Interrogating the ability of ambroxol to modulate microglia functions
Abstract
Alzheimer's disease (AD) is a neurodegenerative disorder characterized clinically by progressive cognitive decline and pathologically by the accumulation of amyloid-beta plaques and neurofibrillary tangles in the brain. Additionally, dysregulation of microglia phagocytosis, lysosomal activity, and inflammatory response has been extensively implicated in the pathogenesis of AD. Work in this thesis aimed to assess the impact of ambroxol on microglial function, both in vitro and in vivo.

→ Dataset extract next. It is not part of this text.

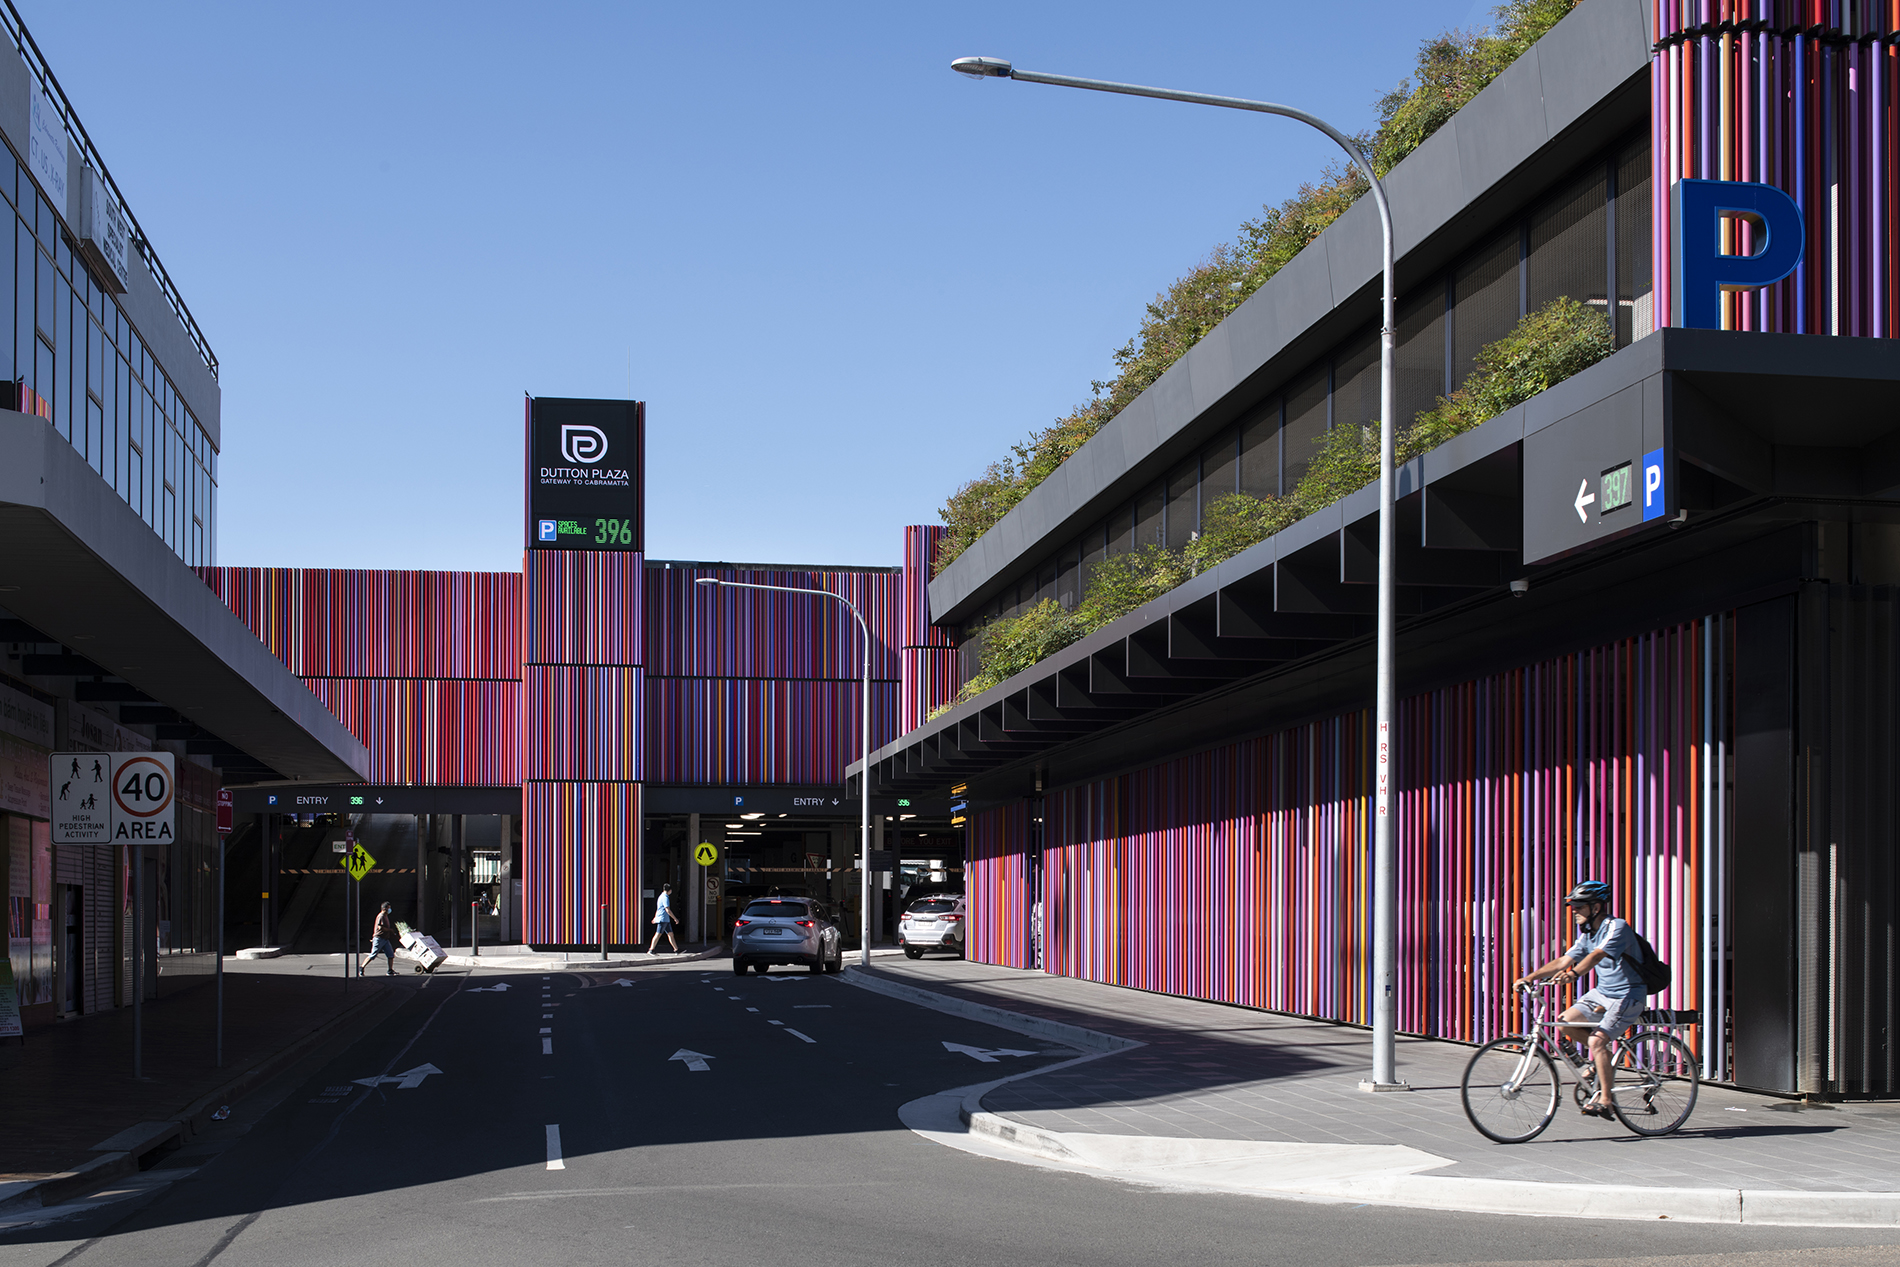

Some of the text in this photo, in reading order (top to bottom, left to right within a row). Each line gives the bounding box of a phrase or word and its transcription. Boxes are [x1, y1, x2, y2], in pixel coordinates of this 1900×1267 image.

Ambroxol, recognized for its therapeutic promise in neurodegenerative diseases through the facilitation of transcription factor EB (TFEB) protein translocation to neuronal nuclei, was investigated for its effects on microglia. Our findings demonstrated that exposure to ambroxol induced TFEB protein nuclear localization in both resting and microglia activated to a pro-inflammatory phenotype, accompanied by an upregulation in transcripts encoding lysosomal enzymes. Furthermore, microglia activation prior to ambroxol treatment resulted in a partial prevention of inflammatory responses observed by a reduction in TNFα transcripts. In vivo experiments conducted in 3x Tg mice revealed elevated numbers of microglia in the hypothalamus coupled with reduced microglial activation following two months of ambroxol diet. Overall, our study provides evidence supporting the potential therapeutic utility of ambroxol in increasing functions in activated microglia and reducing microglia activation.